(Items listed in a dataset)
=== Begin Enclosure ===

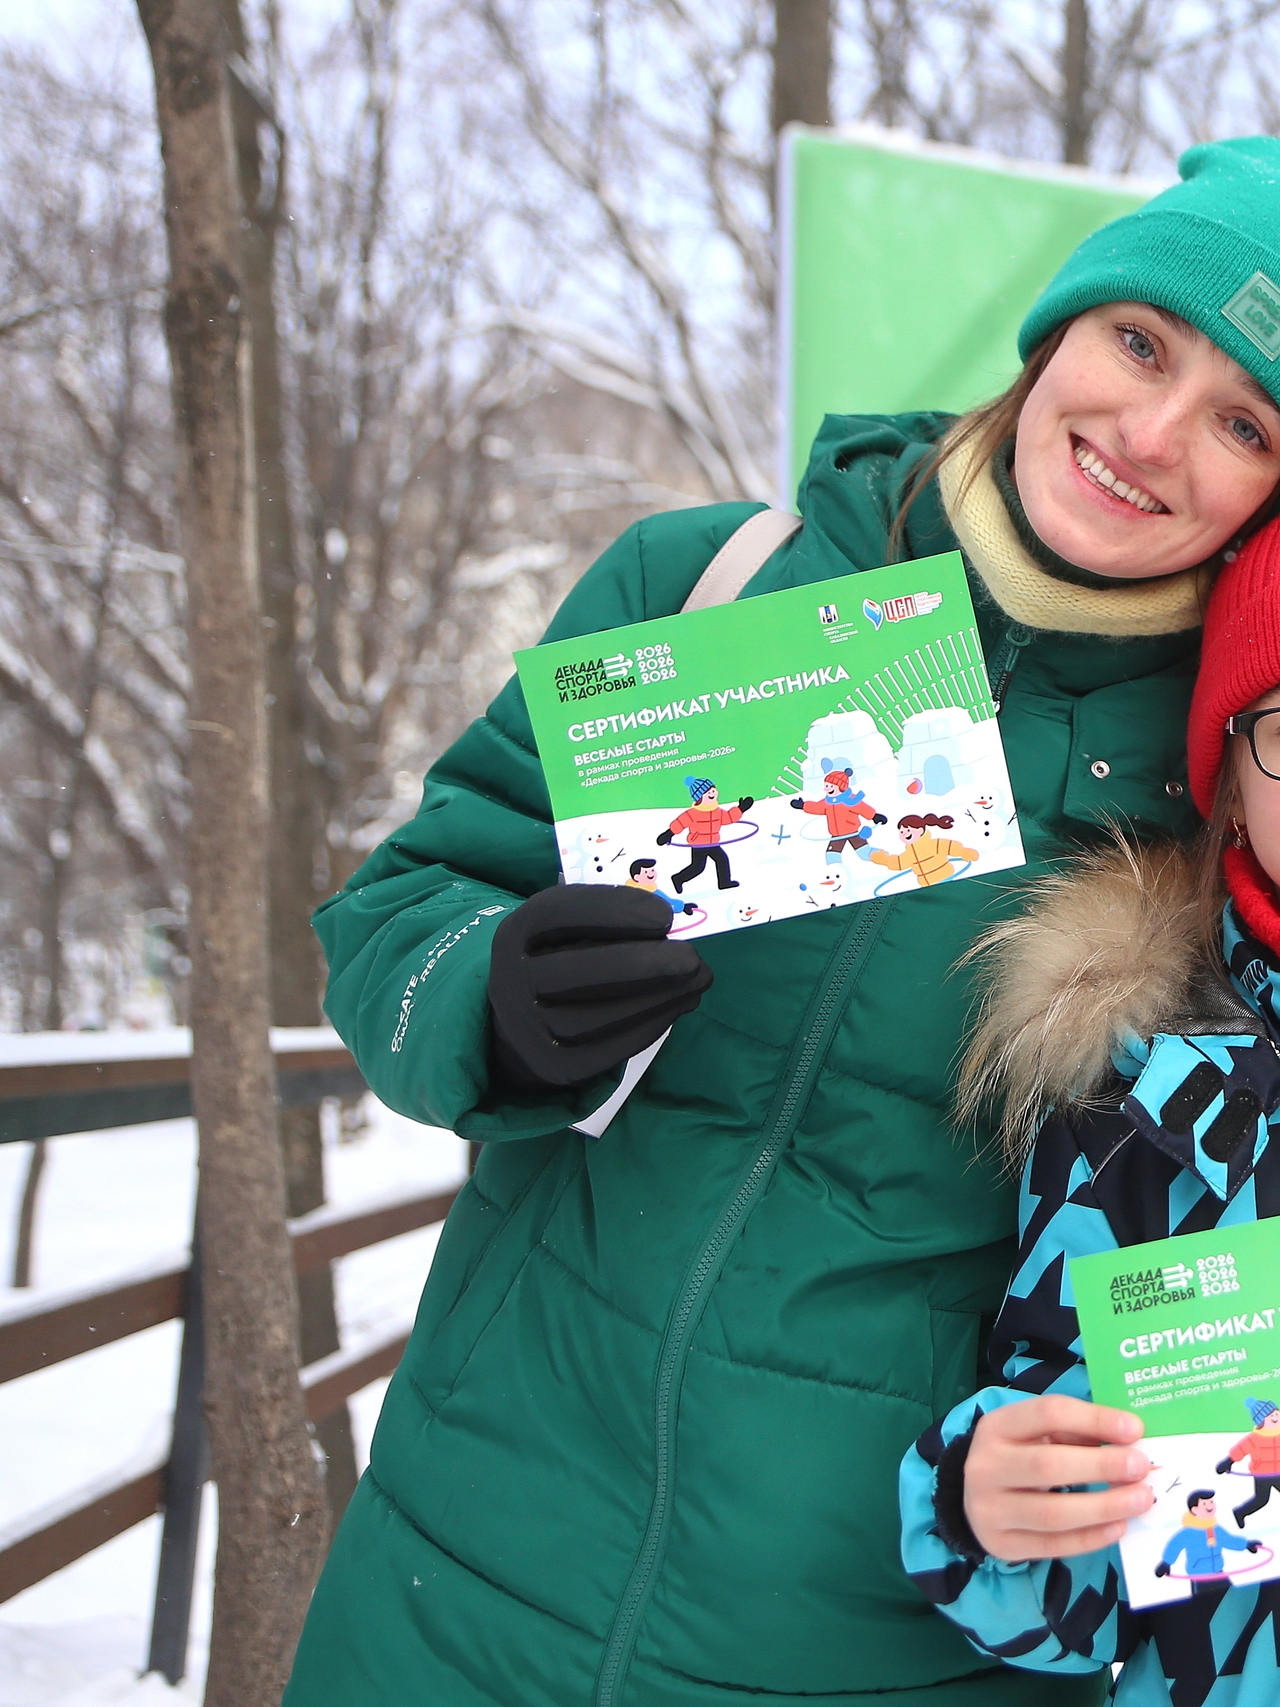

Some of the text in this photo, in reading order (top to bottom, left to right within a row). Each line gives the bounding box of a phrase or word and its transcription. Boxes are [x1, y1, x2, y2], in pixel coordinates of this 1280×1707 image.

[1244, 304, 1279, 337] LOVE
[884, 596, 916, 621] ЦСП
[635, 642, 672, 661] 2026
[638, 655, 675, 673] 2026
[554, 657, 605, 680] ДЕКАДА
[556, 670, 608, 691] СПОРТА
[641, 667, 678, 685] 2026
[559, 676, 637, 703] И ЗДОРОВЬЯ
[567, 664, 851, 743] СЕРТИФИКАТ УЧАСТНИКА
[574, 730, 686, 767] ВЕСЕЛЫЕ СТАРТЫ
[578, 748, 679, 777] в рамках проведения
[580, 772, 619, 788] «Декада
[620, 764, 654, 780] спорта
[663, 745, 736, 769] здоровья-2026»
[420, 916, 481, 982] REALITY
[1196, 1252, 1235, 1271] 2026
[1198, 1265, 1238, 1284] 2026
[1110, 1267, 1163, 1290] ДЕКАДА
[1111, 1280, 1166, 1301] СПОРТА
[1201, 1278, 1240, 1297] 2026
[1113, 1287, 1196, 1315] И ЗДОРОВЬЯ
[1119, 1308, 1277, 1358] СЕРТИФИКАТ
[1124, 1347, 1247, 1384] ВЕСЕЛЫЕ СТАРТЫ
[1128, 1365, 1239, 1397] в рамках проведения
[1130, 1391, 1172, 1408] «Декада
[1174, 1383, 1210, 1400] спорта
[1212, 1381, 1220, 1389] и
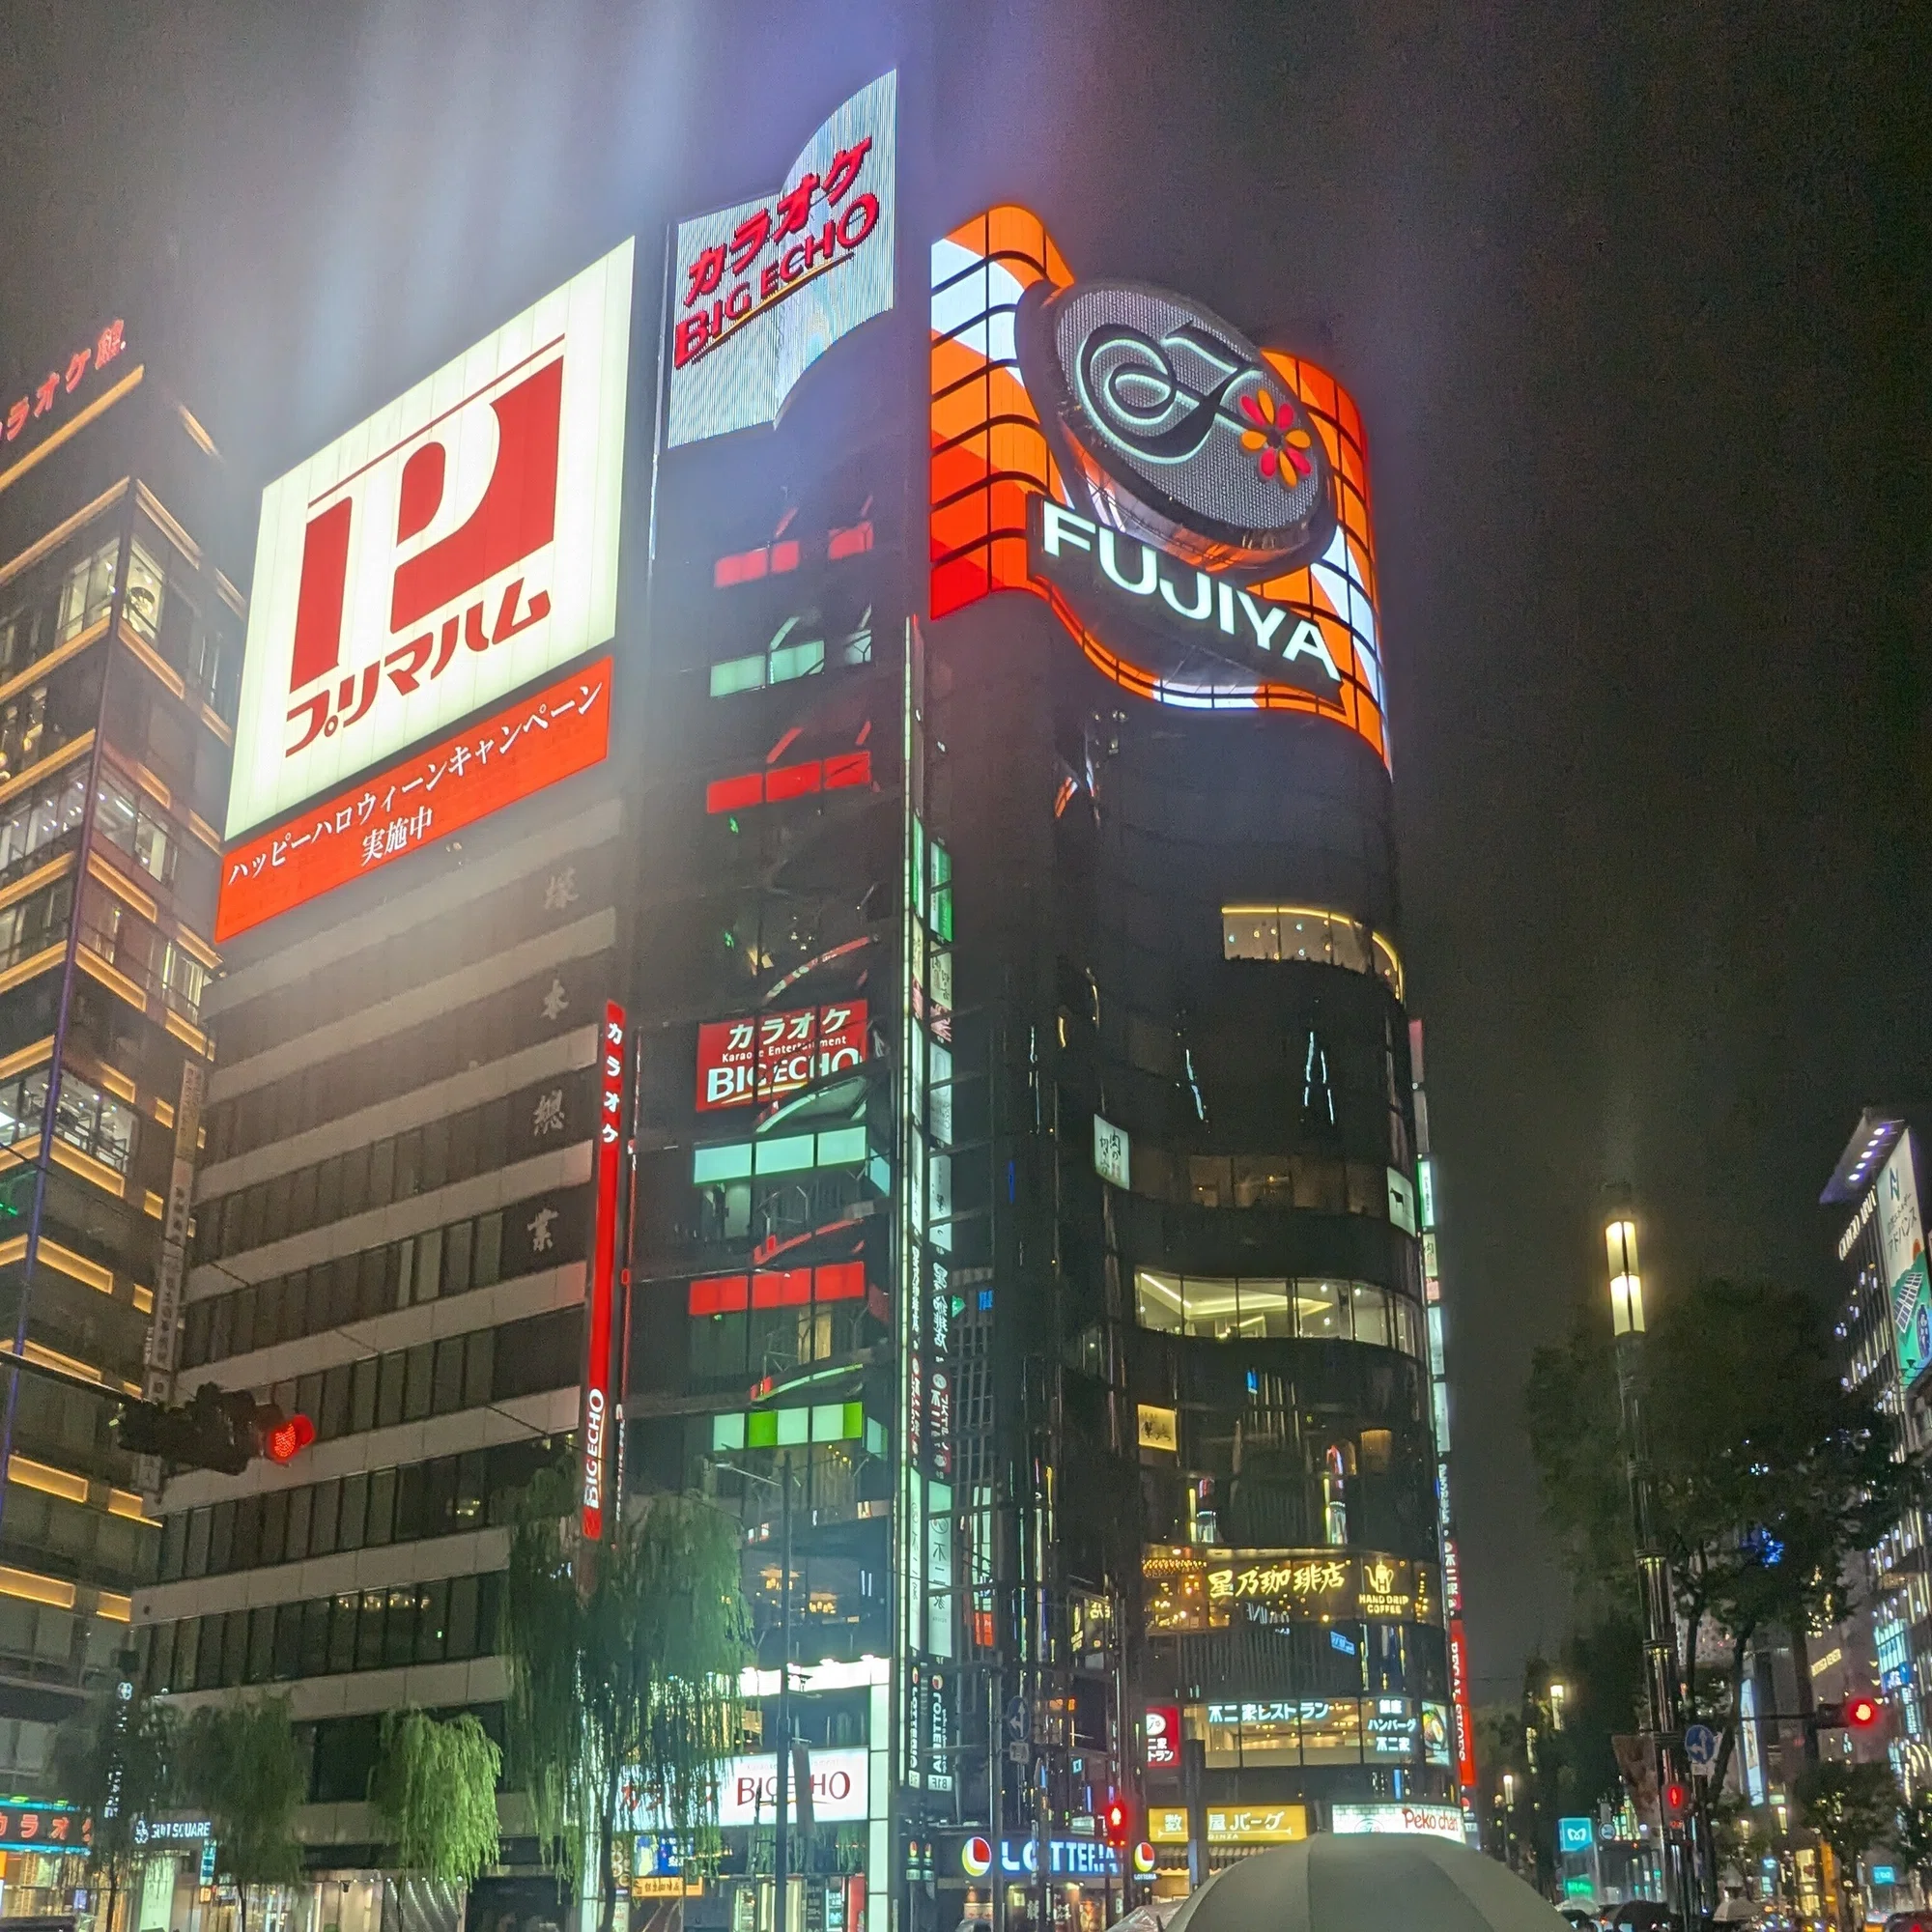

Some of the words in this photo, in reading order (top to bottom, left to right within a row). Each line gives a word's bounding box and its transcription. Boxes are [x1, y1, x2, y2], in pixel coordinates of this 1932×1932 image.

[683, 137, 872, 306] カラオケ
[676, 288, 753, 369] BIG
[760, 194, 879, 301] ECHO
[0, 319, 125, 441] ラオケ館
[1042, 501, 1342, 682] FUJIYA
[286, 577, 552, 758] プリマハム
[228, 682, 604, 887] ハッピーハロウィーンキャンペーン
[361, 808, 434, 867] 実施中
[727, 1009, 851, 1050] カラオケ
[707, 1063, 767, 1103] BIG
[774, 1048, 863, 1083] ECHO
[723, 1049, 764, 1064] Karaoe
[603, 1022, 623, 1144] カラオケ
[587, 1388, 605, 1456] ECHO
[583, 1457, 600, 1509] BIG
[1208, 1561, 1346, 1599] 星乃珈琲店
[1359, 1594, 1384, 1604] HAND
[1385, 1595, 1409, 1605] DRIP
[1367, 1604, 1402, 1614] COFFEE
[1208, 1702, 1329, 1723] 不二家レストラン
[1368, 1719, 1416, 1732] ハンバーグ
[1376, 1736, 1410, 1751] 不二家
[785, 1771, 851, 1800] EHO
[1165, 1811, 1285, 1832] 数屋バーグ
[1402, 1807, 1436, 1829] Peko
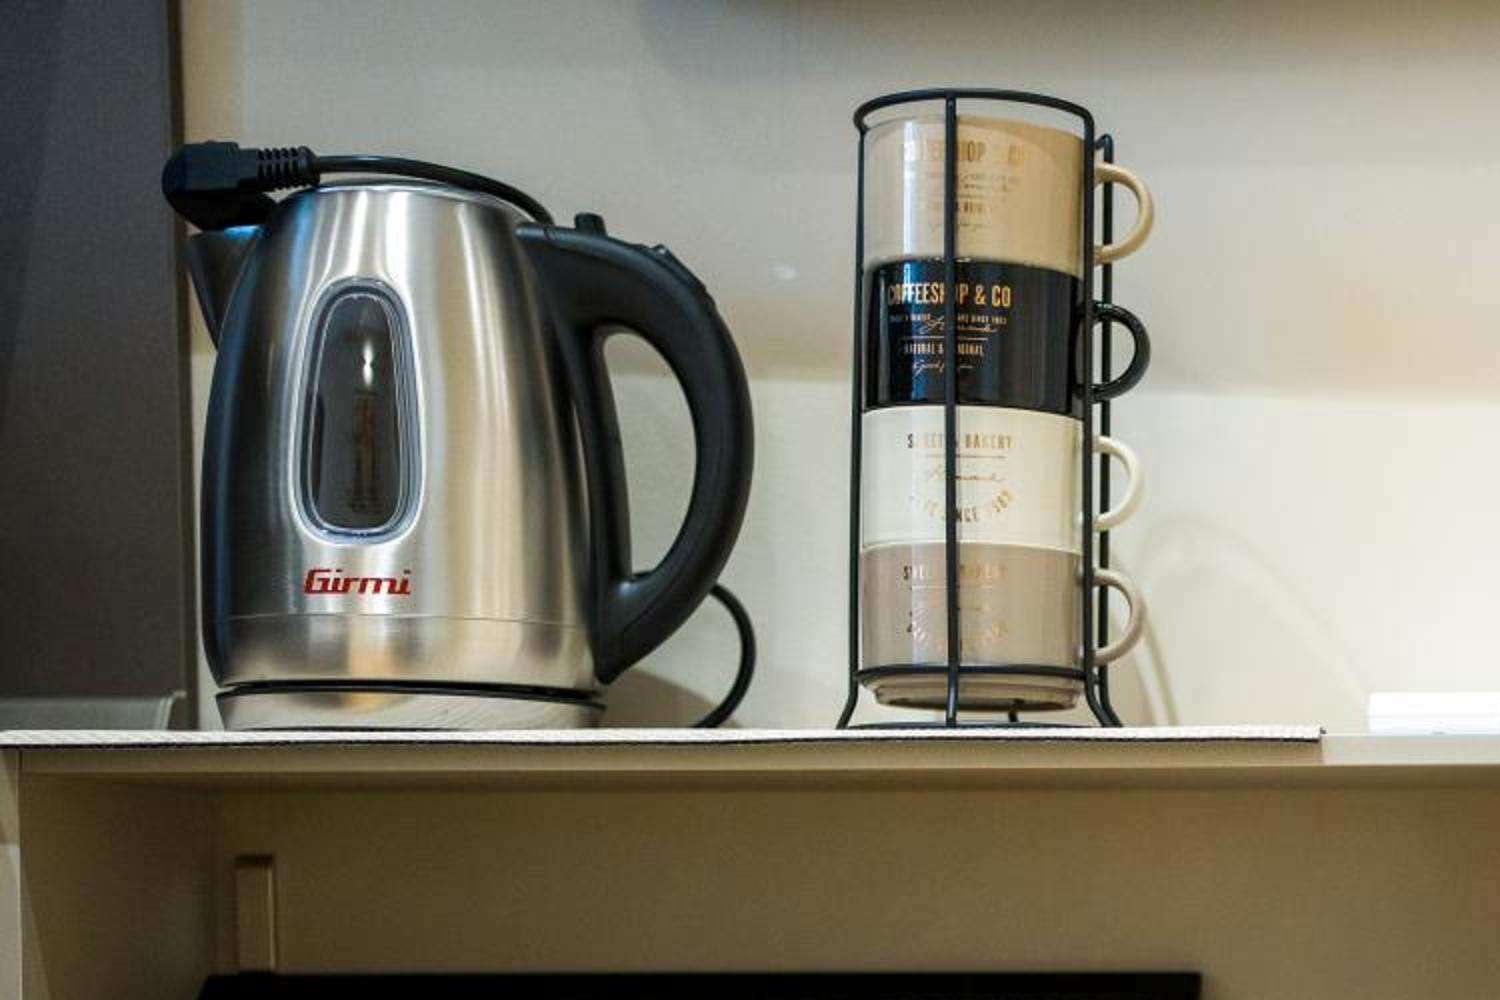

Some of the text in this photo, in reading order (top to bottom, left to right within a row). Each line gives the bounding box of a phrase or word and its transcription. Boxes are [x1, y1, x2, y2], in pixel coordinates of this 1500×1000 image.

=== End Enclosure ===

* _Exercise objective_: Reproduce each entry above word for word. Pictures are not part of the copy.

* _Answer to the exercise_:
Some of the text in this photo, in reading order (top to bottom, left to right within a row). Each line gives the bounding box of a phrase or word and its transcription. Boxes are [x1, y1, x2, y2], in pixel coordinates of this 1280×1707 image.

[1244, 304, 1279, 337] LOVE
[884, 596, 916, 621] ЦСП
[635, 642, 672, 661] 2026
[638, 655, 675, 673] 2026
[554, 657, 605, 680] ДЕКАДА
[556, 670, 608, 691] СПОРТА
[641, 667, 678, 685] 2026
[559, 676, 637, 703] И ЗДОРОВЬЯ
[567, 664, 851, 743] СЕРТИФИКАТ УЧАСТНИКА
[574, 730, 686, 767] ВЕСЕЛЫЕ СТАРТЫ
[578, 748, 679, 777] в рамках проведения
[580, 772, 619, 788] «Декада
[620, 764, 654, 780] спорта
[663, 745, 736, 769] здоровья-2026»
[420, 916, 481, 982] REALITY
[1196, 1252, 1235, 1271] 2026
[1198, 1265, 1238, 1284] 2026
[1110, 1267, 1163, 1290] ДЕКАДА
[1111, 1280, 1166, 1301] СПОРТА
[1201, 1278, 1240, 1297] 2026
[1113, 1287, 1196, 1315] И ЗДОРОВЬЯ
[1119, 1308, 1277, 1358] СЕРТИФИКАТ
[1124, 1347, 1247, 1384] ВЕСЕЛЫЕ СТАРТЫ
[1128, 1365, 1239, 1397] в рамках проведения
[1130, 1391, 1172, 1408] «Декада
[1174, 1383, 1210, 1400] спорта
[1212, 1381, 1220, 1389] и

Some of the words in this photo, in reading order (top to bottom, left to right within a row). Each line gives a word's bounding box and its transcription. Boxes are [x1, y1, x2, y2], in pixel coordinates of this 1932×1932 image.

[683, 137, 872, 306] カラオケ
[676, 288, 753, 369] BIG
[760, 194, 879, 301] ECHO
[0, 319, 125, 441] ラオケ館
[1042, 501, 1342, 682] FUJIYA
[286, 577, 552, 758] プリマハム
[228, 682, 604, 887] ハッピーハロウィーンキャンペーン
[361, 808, 434, 867] 実施中
[727, 1009, 851, 1050] カラオケ
[707, 1063, 767, 1103] BIG
[774, 1048, 863, 1083] ECHO
[723, 1049, 764, 1064] Karaoe
[603, 1022, 623, 1144] カラオケ
[587, 1388, 605, 1456] ECHO
[583, 1457, 600, 1509] BIG
[1208, 1561, 1346, 1599] 星乃珈琲店
[1359, 1594, 1384, 1604] HAND
[1385, 1595, 1409, 1605] DRIP
[1367, 1604, 1402, 1614] COFFEE
[1208, 1702, 1329, 1723] 不二家レストラン
[1368, 1719, 1416, 1732] ハンバーグ
[1376, 1736, 1410, 1751] 不二家
[785, 1771, 851, 1800] EHO
[1165, 1811, 1285, 1832] 数屋バーグ
[1402, 1807, 1436, 1829] Peko

Some of the text in this photo, in reading order (top to bottom, left to right within a row). Each line gives the bounding box of a phrase or word and its transcription. Boxes are [x1, y1, x2, y2], in pixel coordinates of this 1500×1000 image.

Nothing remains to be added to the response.